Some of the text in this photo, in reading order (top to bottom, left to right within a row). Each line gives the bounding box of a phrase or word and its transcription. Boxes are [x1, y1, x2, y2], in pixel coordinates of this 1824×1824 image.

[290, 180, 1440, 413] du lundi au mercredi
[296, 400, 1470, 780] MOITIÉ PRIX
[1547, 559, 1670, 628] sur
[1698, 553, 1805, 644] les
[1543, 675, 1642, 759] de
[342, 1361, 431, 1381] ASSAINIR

Activity:
Every record listed above needs to be written out again exactly.

Solved exercise:
Some of the text in this photo, in reading order (top to bottom, left to right within a row). Each line gives the bounding box of a phrase or word and its transcription. Boxes are [x1, y1, x2, y2], in pixel coordinates of this 1824×1824 image.

[290, 180, 1440, 413] du lundi au mercredi
[296, 400, 1470, 780] MOITIÉ PRIX
[1547, 559, 1670, 628] sur
[1698, 553, 1805, 644] les
[1543, 675, 1642, 759] de
[342, 1361, 431, 1381] ASSAINIR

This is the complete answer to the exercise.